As it has been explained, the more recent glacier was thick enough to completely cover Mt. Washington, which is 6288’ high. Here in Southern Connecticut, our landscape was covered by ice that was 1200-1500’ deep.
As these glaciers moved southward, their tremendous weight depressed the land areas and plowed earth materials before them with an action resembling that of enormous bulldozers, and reshaped the surface over which they traveled. This action is called glaciation; it creates trough-shaped valleys with steep vertical cliffs where entire mountainsides were created by glacial scraping. And so it was that glacial movement created drumlins, elongated hills or ridges extending north and south, and composed of debris or fragments of rock pushed along and compressed by the moving ice. These drumlins were composed of boulder clay, glacial sand and gravel. Melting glacial ice produced massive rivers which cut valleys still deeper, and in some places created lakes.

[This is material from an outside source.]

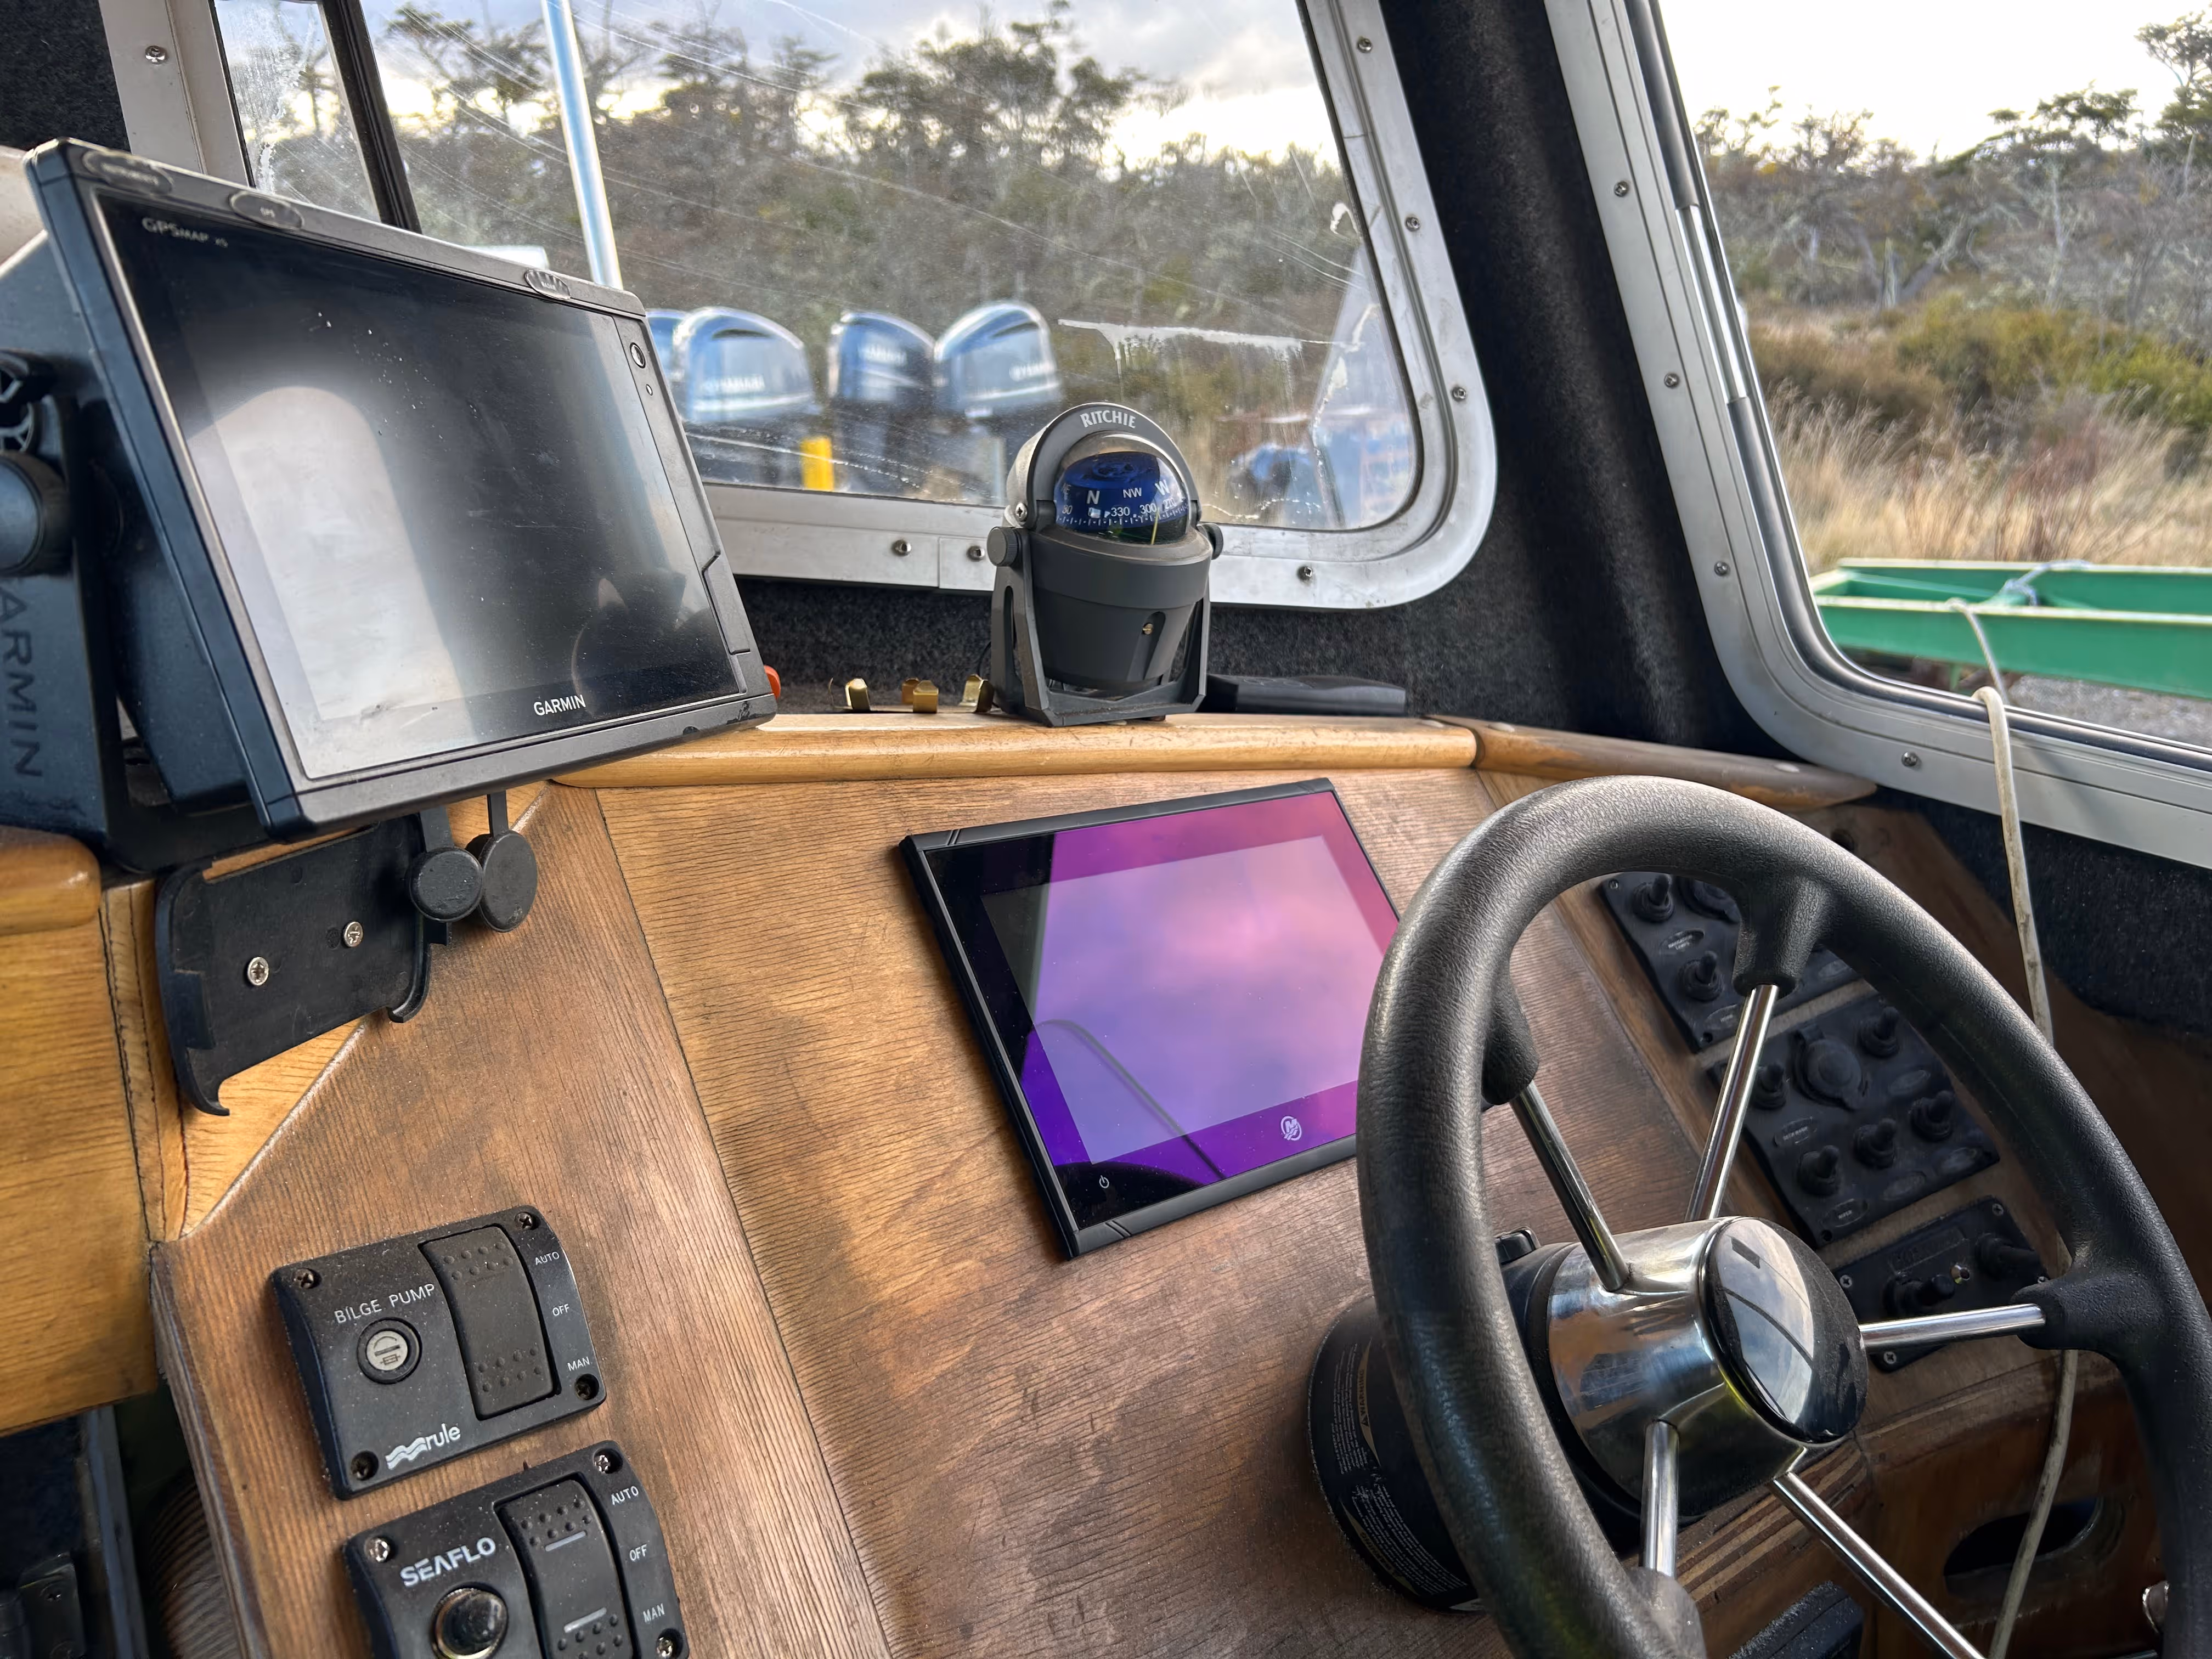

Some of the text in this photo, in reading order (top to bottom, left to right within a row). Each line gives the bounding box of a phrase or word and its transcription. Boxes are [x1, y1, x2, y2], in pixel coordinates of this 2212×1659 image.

Today, we see ridges and valleys and everywhere there are erratic boulders which consist of types of rock that differ from the underlying bedrock. These boulders were plucked from faraway hills and moved to new locations by glacial action. They lie where they were dropped when the glaciers melted out from under them. A good example of erratic boulders would be those comprising Judges’ Cave on West Rock, a formation of erratic boulders, which lie on the spots where they were left so long ago.
After the glacial age, the land was bare of vegetation and the surface was covered with mud and rocks; the passage of time brought the return of vegetation, birds and animals.
And then, after the passage of the centuries, the area that we now call home was ready to be inhabited by mankind, so thus they did appear.
We acknowledge the work of Floyd M. Shumway and Richard Hegel from which much of this article was drawn.